B2B businesses mostly take a reactive approach to surveys. This means they send out surveys to find out how a customer is feeling after completing an action — whether that's product onboarding or a conversation with the support team.
This isn’t wrong. Measuring customer sentiments is an important use case for surveys, but it isn’t the only one. Parker argues that B2B organizations can get more value if they also learn to use surveys to collect data and proactively inform decision-making.
With that, let’s look at the three types of surveys you should be sending to your customers:
1. Sentiment-Based Surveys
Gathering sentiments is by far the most common use case for surveys. It’s a way to check the pulse of your customers to know how they feel about your product and the overall experience. You'll use these insights to improve your offering and service delivery.
A typical example is net promoter score (NPS), which measures customer satisfaction and loyalty. However, you can also send sentiment-based surveys before or after key moments in the customer journey, such as account renewals and onboarding. For example, it’s a good idea to send a few check-in questions a month or so before an account renewal to know if the customer is happy with their experience and possibly surface and address issues that could lead to churn.
“The important thing is not to overdo it,” Parker says. “If you want to get feedback about how the customer feels about the product, you must give them enough time to experience it and form an opinion.”
“Also, if you've already collected sentiments, and nothing has changed in the product experience, there's no reason to send another sentiment-based survey to your customers.”
Related: How Molly From Upwards Gathers Detailed Customer Insights [Survey Blueprint]
2. Collaborative Surveys
A collaborative survey is used to collect information from the customer to help you complete a project successfully. Here, you’re not trying to learn about their feelings or collect feedback about their experience; you simply need data to inform work.
For example, let’s say the customer is planning a massive rollout of your product to their team. In that case, you can send out a survey to assess their team structure with questions like:
- What are the common learning styles on your team?
- Which features will resonate with them the most?
- What are the things that are most confusing for your team typically?
You’ll use these insights to customize their rollout plan to deliver the most value for the team. This could mean providing additional learning resources to cover product areas the team finds confusing or adapting product content into a format that matches the team’s learning style.
3. Differentiated Surveys
Differentiated surveys are used to gather out-of-the-box information to help you deliver more value to customers. You can administer them at the beginning of the relationship to set you up for success or ahead of strategic activities like account renewal or expansion.

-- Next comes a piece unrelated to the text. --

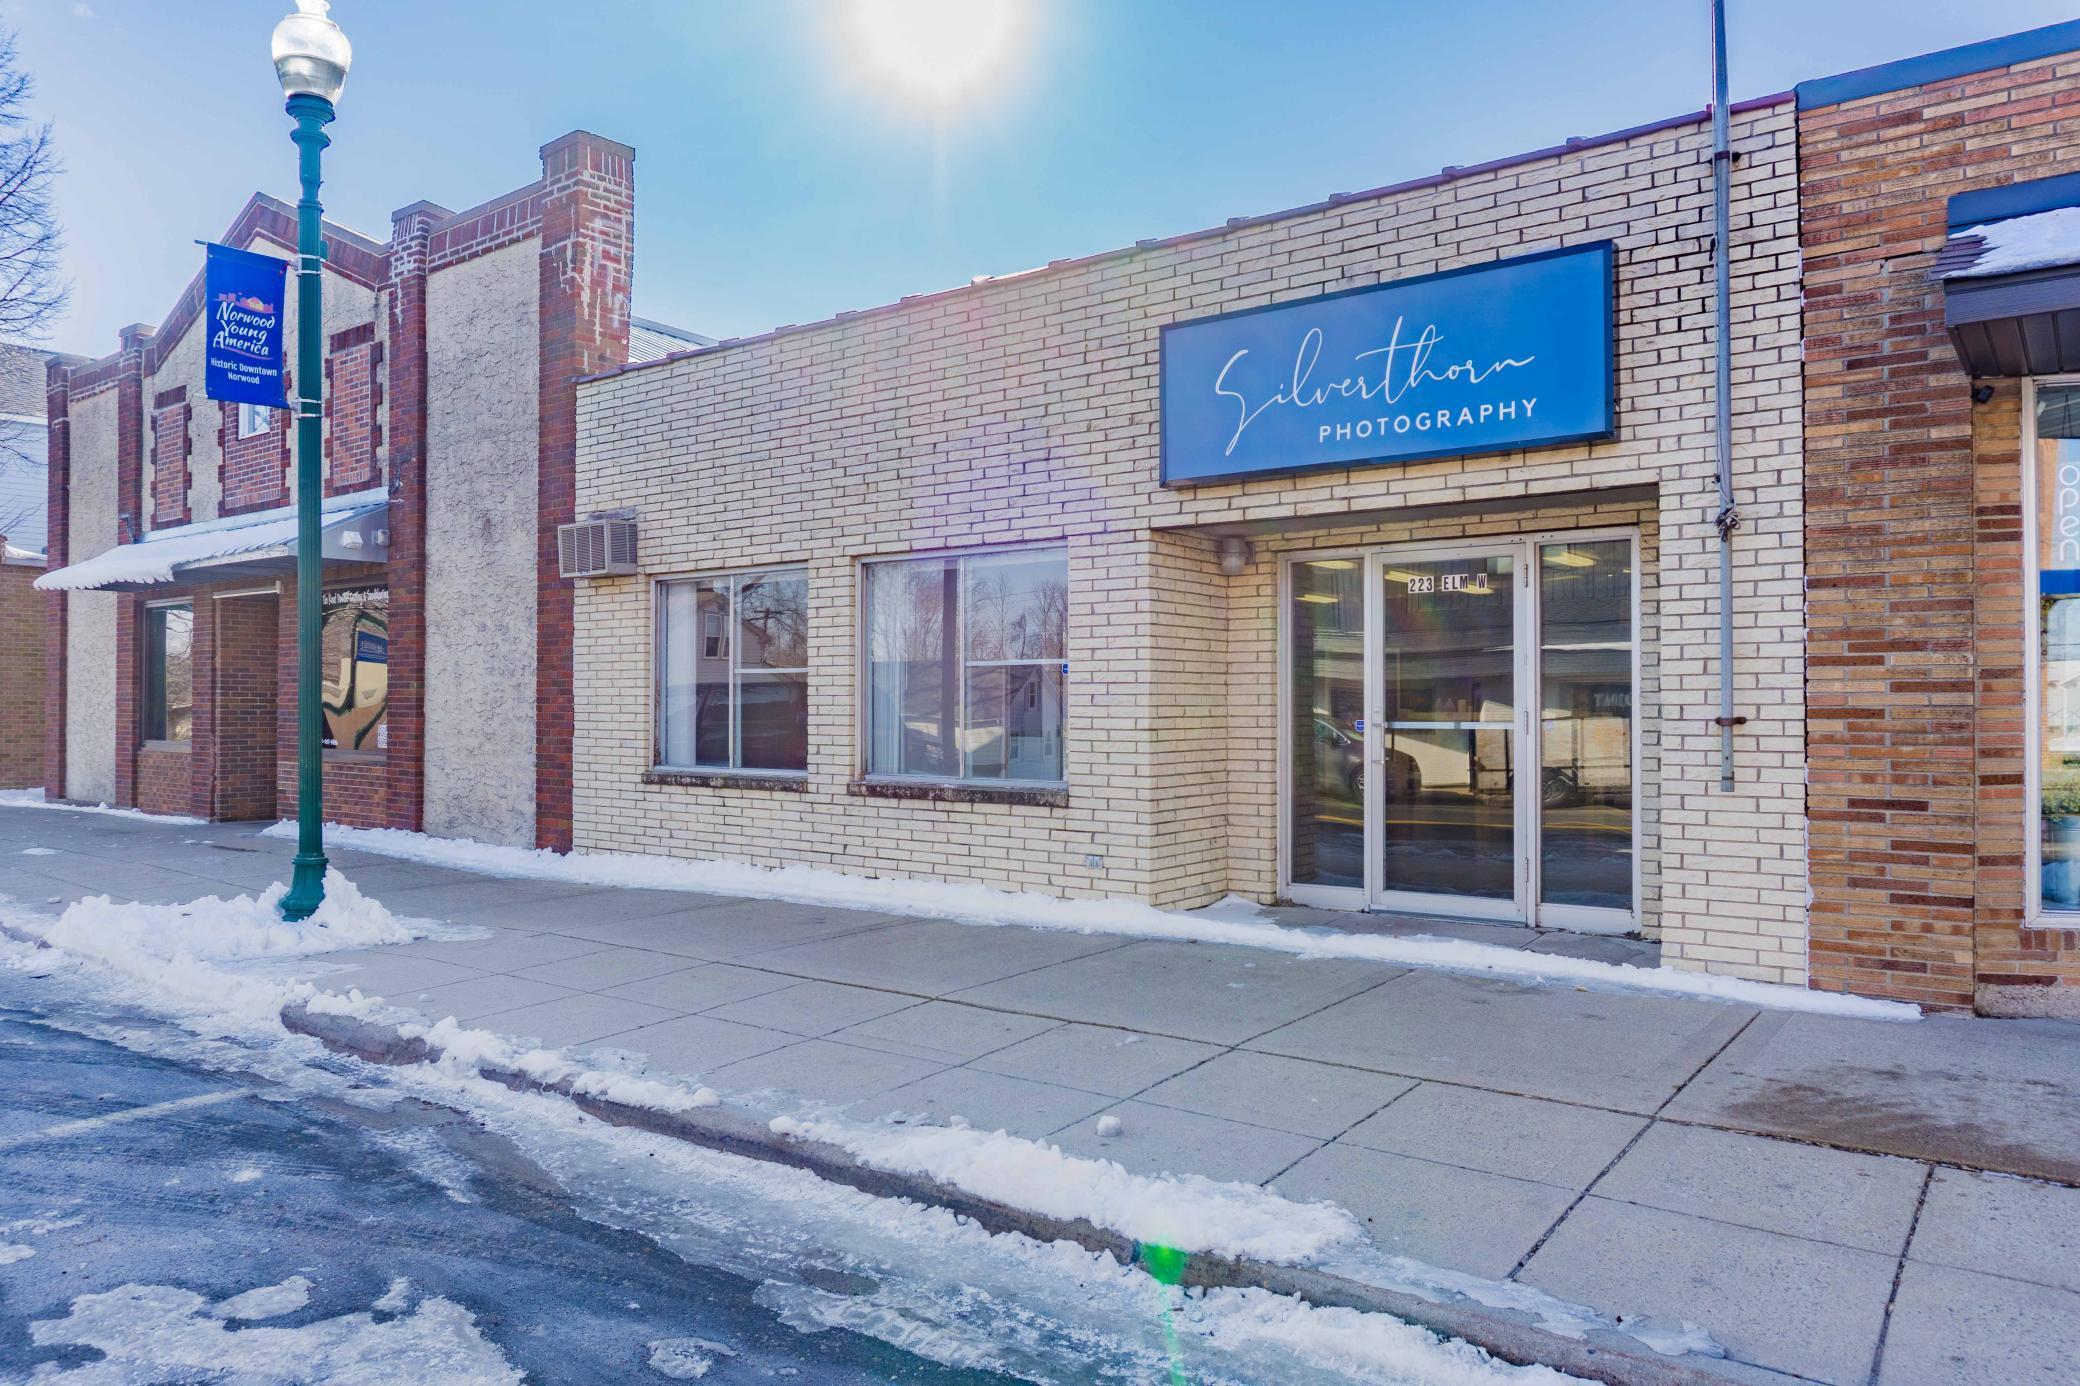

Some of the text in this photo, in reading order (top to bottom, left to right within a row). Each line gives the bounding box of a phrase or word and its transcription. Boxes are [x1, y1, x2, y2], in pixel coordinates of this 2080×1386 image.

For example, let's say you want to improve how your product drives key business outcomes for customers. In that case, you can create a goal-capture survey asking them to rank product features or benefits according to what's driving the most value for them. Then, use this data to inform future customer initiatives or product improvement.
Preparing for Customer Surveys
Here’s how to set your customer surveys up for success:
1. Set Your Survey Schedule
Decide on how often to send out surveys to customers. That way, you can plan and execute them in an organized and consistent manner instead of reacting last minute or scrambling to gather feedback when needed.
This is, unfortunately, where teams fall into the trap of sending too many surveys, explains Christine. “Sometimes, you’re trying to complete a quick action in an app, then a survey pops up, and it’s the same one you did last week. It disrupts the customer because it’s not useful.”
While there isn’t a golden rule for how often to survey customers, one thing is clear: You should only survey customers when there’s an important reason to do so and have a clear idea of how you’ll use their feedback or insights.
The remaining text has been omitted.